**What to produce:** Each entry is to be retyped exactly as it stands.

**Source material:**
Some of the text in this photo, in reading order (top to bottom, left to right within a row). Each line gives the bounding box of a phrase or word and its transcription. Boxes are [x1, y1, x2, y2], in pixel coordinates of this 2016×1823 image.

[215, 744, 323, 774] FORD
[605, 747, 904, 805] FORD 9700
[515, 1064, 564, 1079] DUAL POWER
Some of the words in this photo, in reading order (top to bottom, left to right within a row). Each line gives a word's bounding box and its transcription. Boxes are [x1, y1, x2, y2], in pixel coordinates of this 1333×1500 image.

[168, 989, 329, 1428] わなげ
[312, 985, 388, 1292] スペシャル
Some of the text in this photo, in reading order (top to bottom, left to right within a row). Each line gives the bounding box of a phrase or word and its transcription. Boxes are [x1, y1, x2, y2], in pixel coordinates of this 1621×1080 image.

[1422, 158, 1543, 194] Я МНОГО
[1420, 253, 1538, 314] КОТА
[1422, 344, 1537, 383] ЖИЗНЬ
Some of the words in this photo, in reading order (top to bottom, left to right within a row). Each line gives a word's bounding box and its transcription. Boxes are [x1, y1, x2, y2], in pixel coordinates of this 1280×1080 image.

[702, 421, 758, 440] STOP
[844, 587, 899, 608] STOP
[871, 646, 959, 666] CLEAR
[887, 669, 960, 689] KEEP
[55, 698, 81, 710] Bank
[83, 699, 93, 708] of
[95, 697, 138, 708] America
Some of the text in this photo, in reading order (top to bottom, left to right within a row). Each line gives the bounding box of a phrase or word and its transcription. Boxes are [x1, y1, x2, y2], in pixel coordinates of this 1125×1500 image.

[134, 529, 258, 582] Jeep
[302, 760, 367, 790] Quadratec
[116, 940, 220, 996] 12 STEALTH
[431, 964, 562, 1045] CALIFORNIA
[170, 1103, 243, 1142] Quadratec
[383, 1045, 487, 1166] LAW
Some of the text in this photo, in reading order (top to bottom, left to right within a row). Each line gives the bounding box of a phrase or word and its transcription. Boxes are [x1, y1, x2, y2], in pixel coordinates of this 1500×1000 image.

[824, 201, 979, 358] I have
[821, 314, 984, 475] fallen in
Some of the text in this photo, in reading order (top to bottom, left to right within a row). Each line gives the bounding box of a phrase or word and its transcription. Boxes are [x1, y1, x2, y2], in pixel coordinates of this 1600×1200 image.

**Response below:**
Some of the text in this photo, in reading order (top to bottom, left to right within a row). Each line gives the bounding box of a phrase or word and its transcription. Boxes are [x1, y1, x2, y2], in pixel coordinates of this 2016×1823 image.

[215, 744, 323, 774] FORD
[605, 747, 904, 805] FORD 9700
[515, 1064, 564, 1079] DUAL POWER
Some of the words in this photo, in reading order (top to bottom, left to right within a row). Each line gives a word's bounding box and its transcription. Boxes are [x1, y1, x2, y2], in pixel coordinates of this 1333×1500 image.

[168, 989, 329, 1428] わなげ
[312, 985, 388, 1292] スペシャル
Some of the text in this photo, in reading order (top to bottom, left to right within a row). Each line gives the bounding box of a phrase or word and its transcription. Boxes are [x1, y1, x2, y2], in pixel coordinates of this 1621×1080 image.

[1422, 158, 1543, 194] Я МНОГО
[1420, 253, 1538, 314] КОТА
[1422, 344, 1537, 383] ЖИЗНЬ
Some of the words in this photo, in reading order (top to bottom, left to right within a row). Each line gives a word's bounding box and its transcription. Boxes are [x1, y1, x2, y2], in pixel coordinates of this 1280×1080 image.

[702, 421, 758, 440] STOP
[844, 587, 899, 608] STOP
[871, 646, 959, 666] CLEAR
[887, 669, 960, 689] KEEP
[55, 698, 81, 710] Bank
[83, 699, 93, 708] of
[95, 697, 138, 708] America
Some of the text in this photo, in reading order (top to bottom, left to right within a row). Each line gives the bounding box of a phrase or word and its transcription. Boxes are [x1, y1, x2, y2], in pixel coordinates of this 1125×1500 image.

[134, 529, 258, 582] Jeep
[302, 760, 367, 790] Quadratec
[116, 940, 220, 996] 12 STEALTH
[431, 964, 562, 1045] CALIFORNIA
[170, 1103, 243, 1142] Quadratec
[383, 1045, 487, 1166] LAW
Some of the text in this photo, in reading order (top to bottom, left to right within a row). Each line gives the bounding box of a phrase or word and its transcription. Boxes are [x1, y1, x2, y2], in pixel coordinates of this 1500×1000 image.

[824, 201, 979, 358] I have
[821, 314, 984, 475] fallen in
Some of the text in this photo, in reading order (top to bottom, left to right within a row). Each line gives the bounding box of a phrase or word and its transcription. Boxes are [x1, y1, x2, y2], in pixel coordinates of this 1600×1200 image.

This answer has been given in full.